Cooper explained to the pilot that he wanted to fly to Mexico City next, specifically at an altitude of 10,000 feet and at an air speed of just below 150 knots, and for the pilot to depressurize the cabin once they were in the air. The pilot told Cooper that at that speed and altitude the plane would need to refuel between there and Seattle, so they agreed to make a stop in Reno, Nev. to refuel. After a brief fueling delay in Seattle, the plane took to the air once more at 7:46 p.m.

Normally, if the cabin of an airplane was depressurized it would become extremely difficult for passengers to breathe. Cooper obviously knew that at 10,000 feet and at a low speed, not only would breathing be fine, but the plane would be able to handle having the cabin opened mid flight without a gust of air sucking everything out. According to crimemuseum.org, after take off Cooper ushered the rest of the flight crew into the cockpit and closed the door. At 8:00 p.m., the red light indicating that the cabin door was open flashed, and the pilot used the intercom to ask Cooper if there was anything they could do for him, and he responded with an angry sounding “No!” That was the last that anyone ever heard from him.

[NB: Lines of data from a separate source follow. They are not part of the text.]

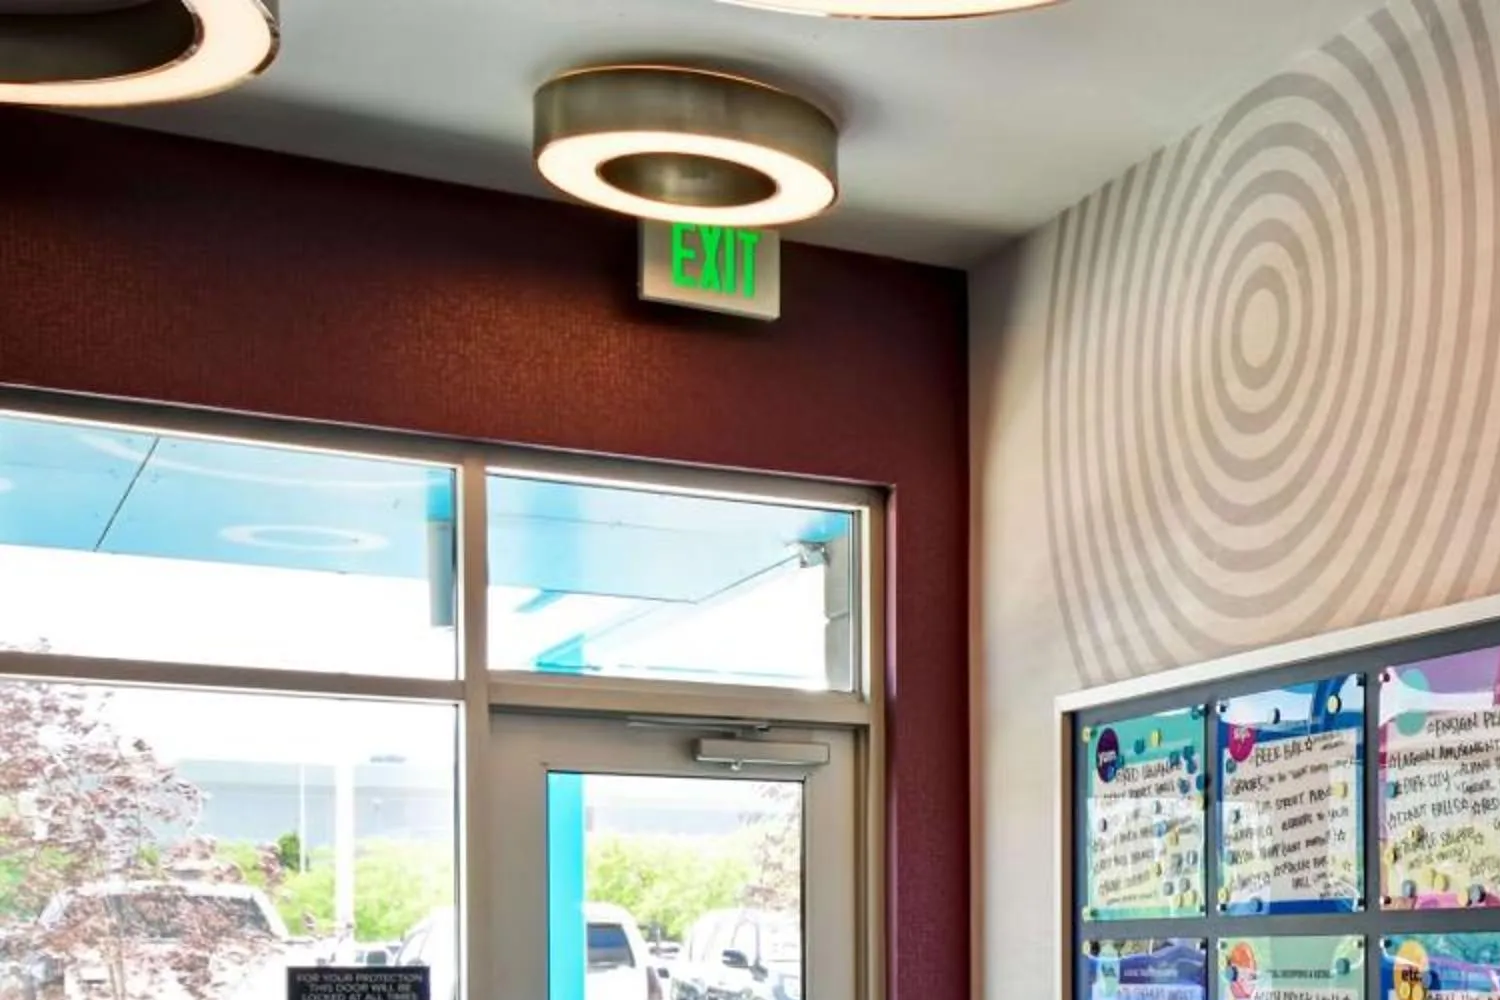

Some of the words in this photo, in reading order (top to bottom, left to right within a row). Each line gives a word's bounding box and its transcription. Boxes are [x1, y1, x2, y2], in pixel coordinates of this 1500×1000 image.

[672, 222, 761, 298] EXIT
[297, 973, 320, 982] FOR
[322, 973, 353, 982] YOUR
[356, 972, 423, 982] PROTECTION
[1401, 967, 1423, 982] etc.
[309, 984, 334, 993] THIS
[336, 983, 369, 993] DOOR
[371, 983, 394, 993] WILL
[397, 983, 412, 993] BE

FBI composite of D.B. Cooper.   Photo Courtesy of Wikipedia

FBI composite of D.B. Cooper. Photo Courtesy of Wikipedia

At 8:24 p.m. the plane briefly dipped and corrected itself, and the pilot made a note that they were 25 miles north of Portland at that time. When the plane finally landed in Reno at 10:15 p.m., the pilot made a call over the intercom. Receiving no response, the flight crew left the cockpit to find the plane empty. Cooper, the money, and one of the parachutes were gone. The other parachute, and a black, clip-on JCPenney tie were still aboard the plane.

The subsequent search in the weeks after turned up next to no evidence of Cooper’s whereabouts, or if he was still even alive. One possible lead was a man found in Oregon by the name of D.B. Cooper. Though he was proven to not be involved in the hijacking, press latched onto the story and sensationalized the name, and Dan Cooper became known as D.B. Cooper. The only evidence that authorities found pertaining to Cooper’s whereabouts surfaced eight years later in 1980, when a boy found several bundles of $20 bills with the same serial numbers as the money given to Cooper money in the Columbia river. This sparked more searches in the area, but when Mount St. Helens erupted in May of that year, any other possible evidence was lost.

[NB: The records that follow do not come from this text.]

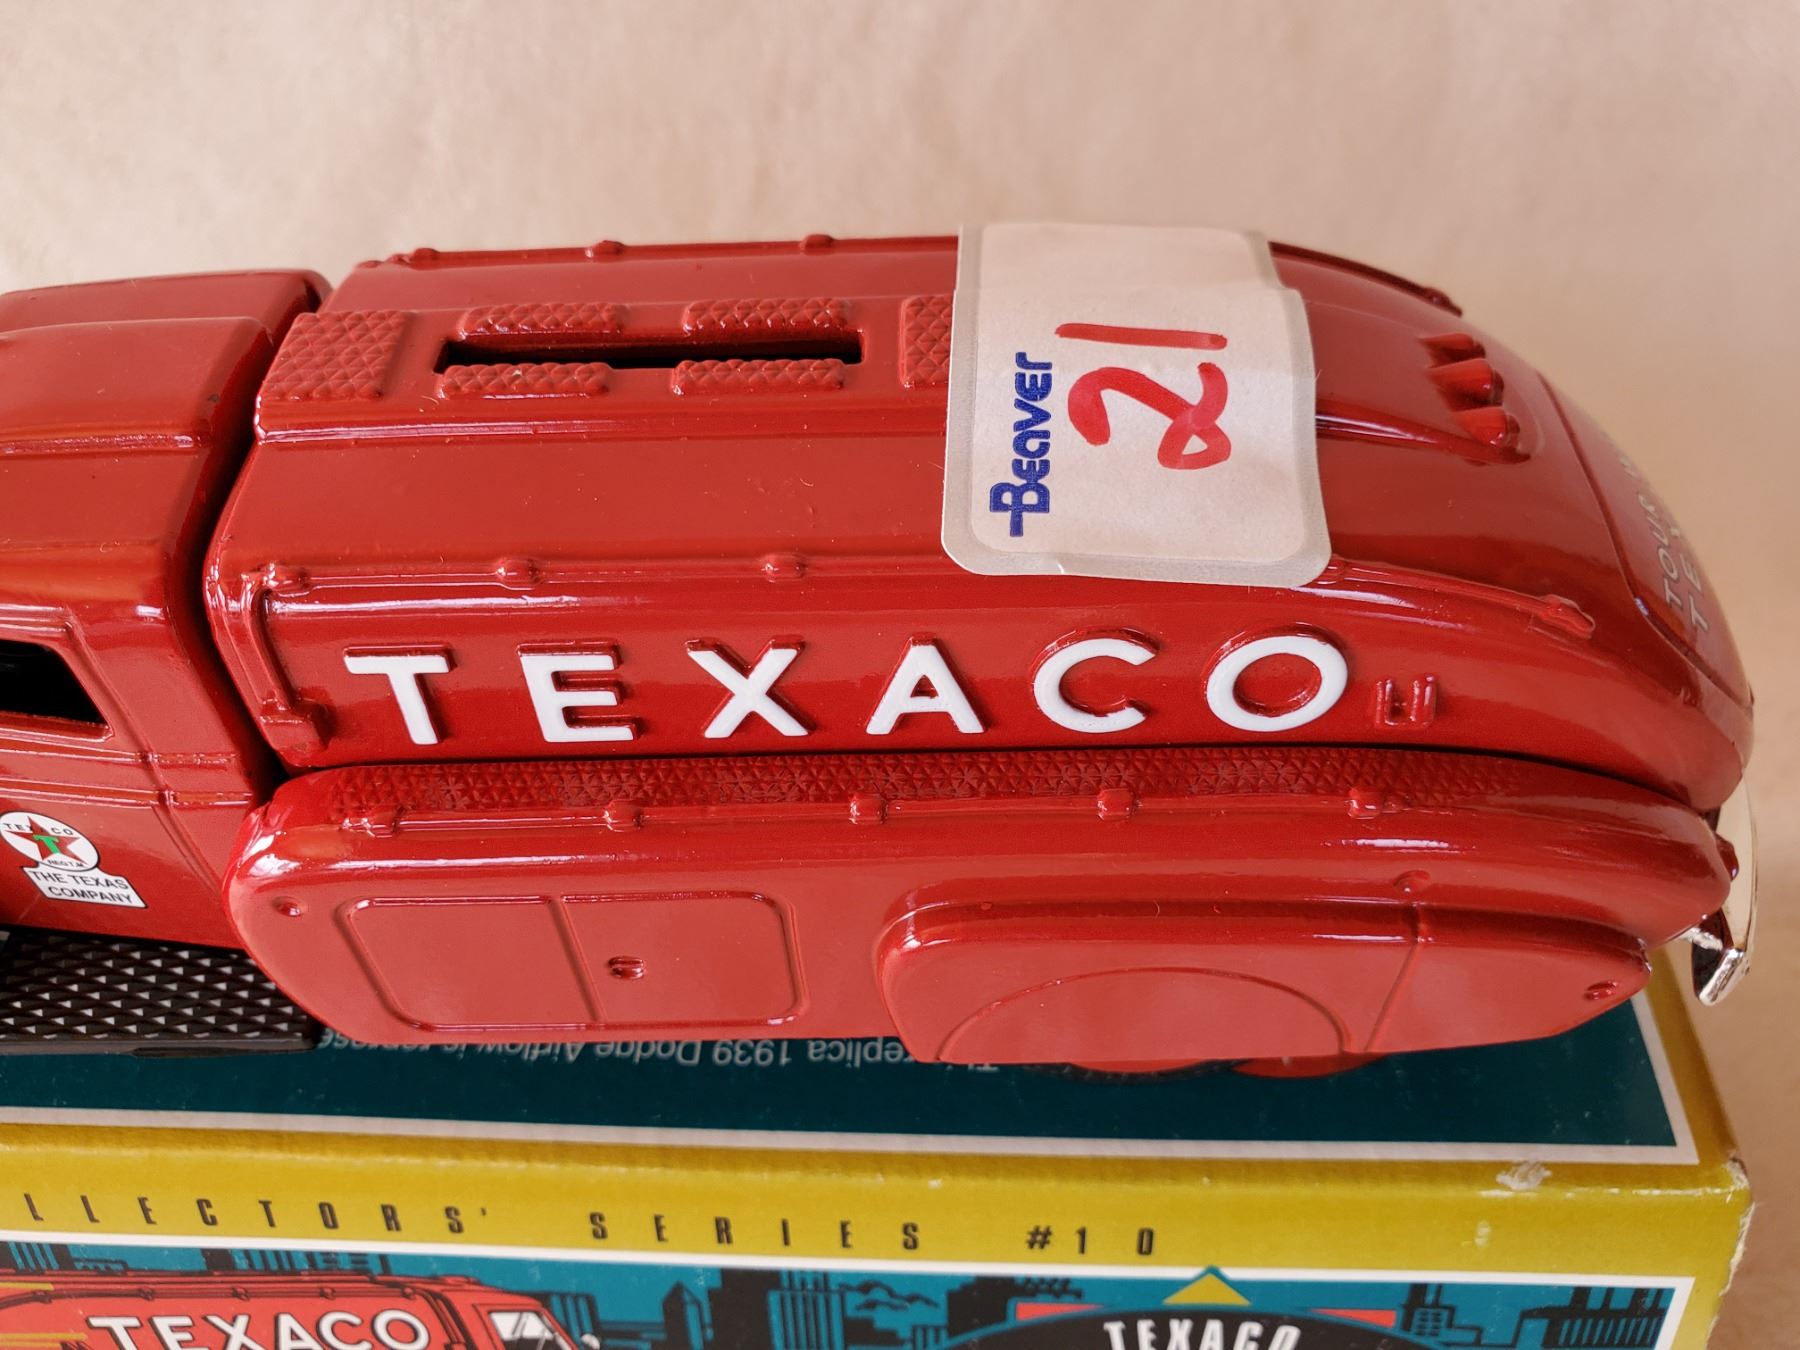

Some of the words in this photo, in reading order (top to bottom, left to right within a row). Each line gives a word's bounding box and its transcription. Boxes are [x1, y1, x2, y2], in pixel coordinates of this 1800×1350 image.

[1055, 322, 1232, 470] 21
[343, 630, 1350, 746] TEXACO
[29, 870, 68, 884] THE
[68, 873, 129, 890] TEXAS
[48, 886, 133, 904] COMPANY
[596, 1040, 701, 1066] Dodge
[712, 1038, 792, 1067] 1939
[589, 1211, 920, 1251] SERIES
[88, 1308, 430, 1350] TEXACO
[1103, 1317, 1301, 1350] TEXACO

47 years later, D.B. Cooper still has not been found. Many people have come forward with claims that they are Dan Cooper, or that they know Dan Cooper, or that their creepy uncle who suddenly became mysteriously rich is most definitely Dan Cooper, no question. In fact, the most promising claim came from Marla Cooper in 2011, who told authorities that Cooper was in fact her uncle L.D. Cooper. She remembered him talking about how he would not need to worry about money anymore, and that he had hijacked a plane. Her claim becomes faulty when she says that her uncle lost the money in the skydive.

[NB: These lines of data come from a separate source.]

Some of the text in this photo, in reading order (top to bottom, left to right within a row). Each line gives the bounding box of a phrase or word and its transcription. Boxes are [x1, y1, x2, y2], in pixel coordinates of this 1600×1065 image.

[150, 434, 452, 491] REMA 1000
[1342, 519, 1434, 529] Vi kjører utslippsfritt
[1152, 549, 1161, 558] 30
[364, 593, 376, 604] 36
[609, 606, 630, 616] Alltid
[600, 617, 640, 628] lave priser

Dan Cooper, or Cooper, has definitely left his mark on history. Anyone living in Washington at the time has a story to tell about that Thanksgiving. My own mother was eating dinner with her family when her cousin, a Yacolt sheriff, got called away from dinner to help with the hijacking. It is interesting to think how close we can be to a famous story without realizing it, though I’m sure we all have famous stories we’re associated with, somehow. For instance, my uncle remembers the day the sky darkened as the ash from Mount St. Helens drifted over Richland, Washington. My math teacher from high school went on a date with Ted Bundy (according to her, he wasn’t even that nice.) One of my aunt’s ex-boyfriends was Adam West, the original Batman. And I’m sure, somewhere, someone is looking at a picture of their dark haired uncle in one of his signature business suits, just wondering if he could possibly be the infamous D.B. Cooper.